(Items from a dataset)
================

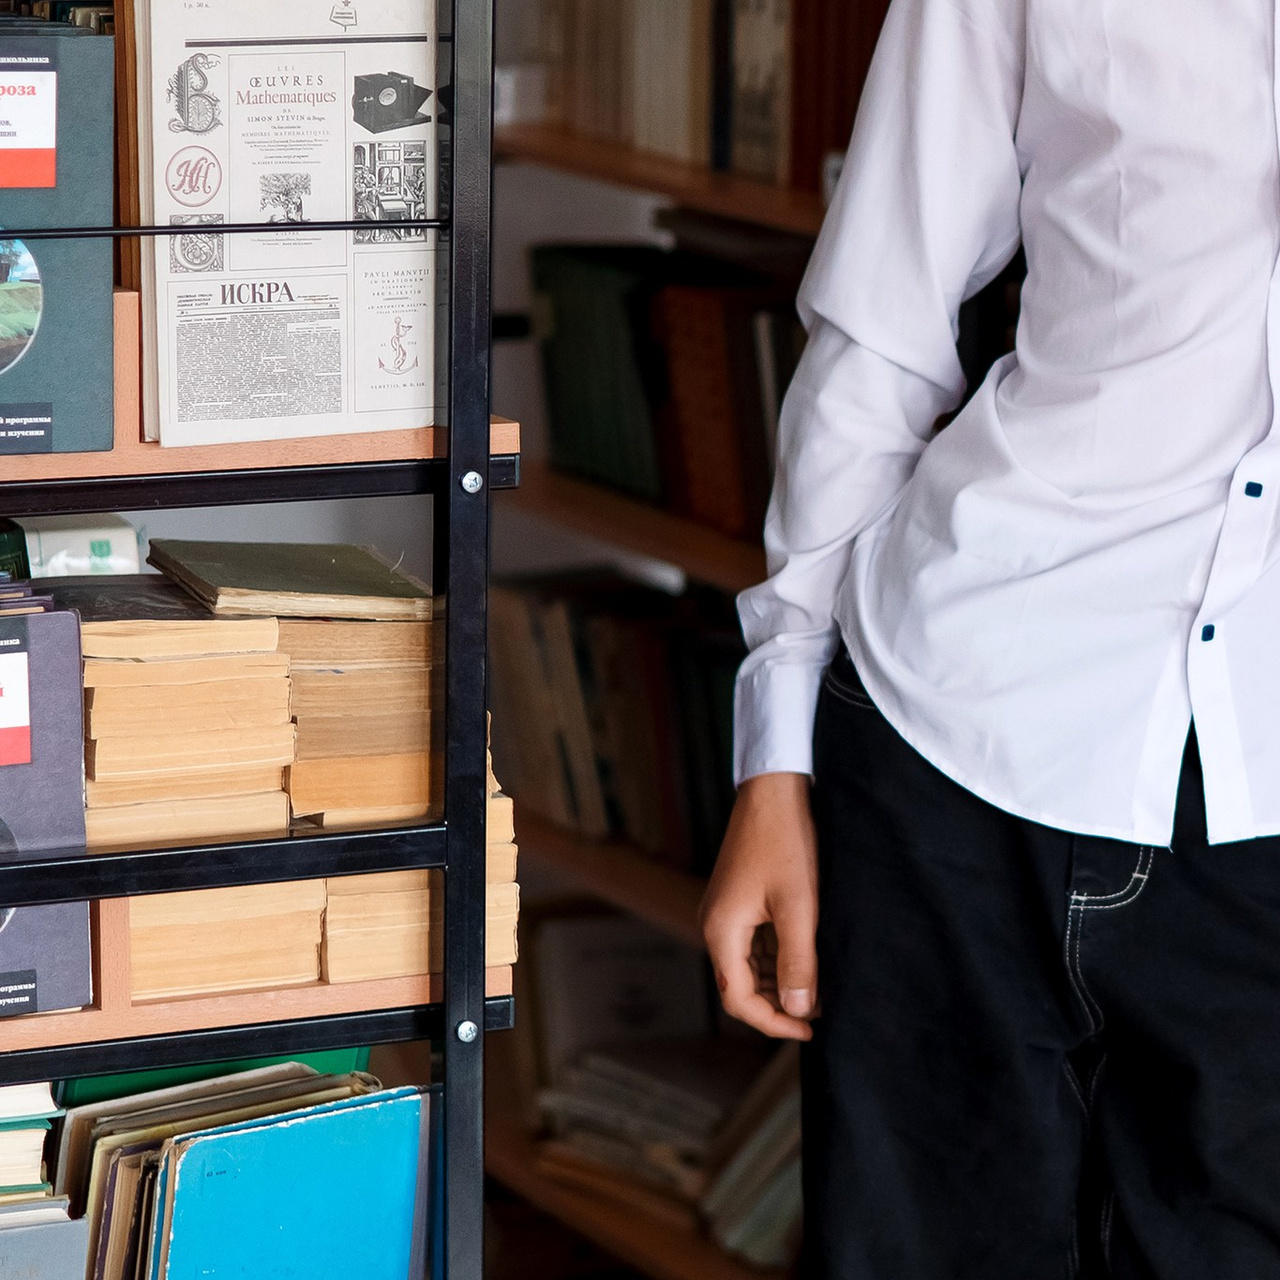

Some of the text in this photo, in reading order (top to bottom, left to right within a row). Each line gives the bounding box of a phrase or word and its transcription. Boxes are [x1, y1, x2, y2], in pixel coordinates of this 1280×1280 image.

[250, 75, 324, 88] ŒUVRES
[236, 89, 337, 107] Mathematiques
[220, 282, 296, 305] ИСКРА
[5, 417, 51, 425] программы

================

• [TASK TO COMPLETE]
Please provide a faithful transcription of all the data, pictures excluded.

• [SOLUTION TO THIS PROBLEM]
Some of the text in this photo, in reading order (top to bottom, left to right within a row). Each line gives the bounding box of a phrase or word and its transcription. Boxes are [x1, y1, x2, y2], in pixel coordinates of this 1280×1280 image.

[250, 75, 324, 88] ŒUVRES
[236, 89, 337, 107] Mathematiques
[220, 282, 296, 305] ИСКРА
[5, 417, 51, 425] программы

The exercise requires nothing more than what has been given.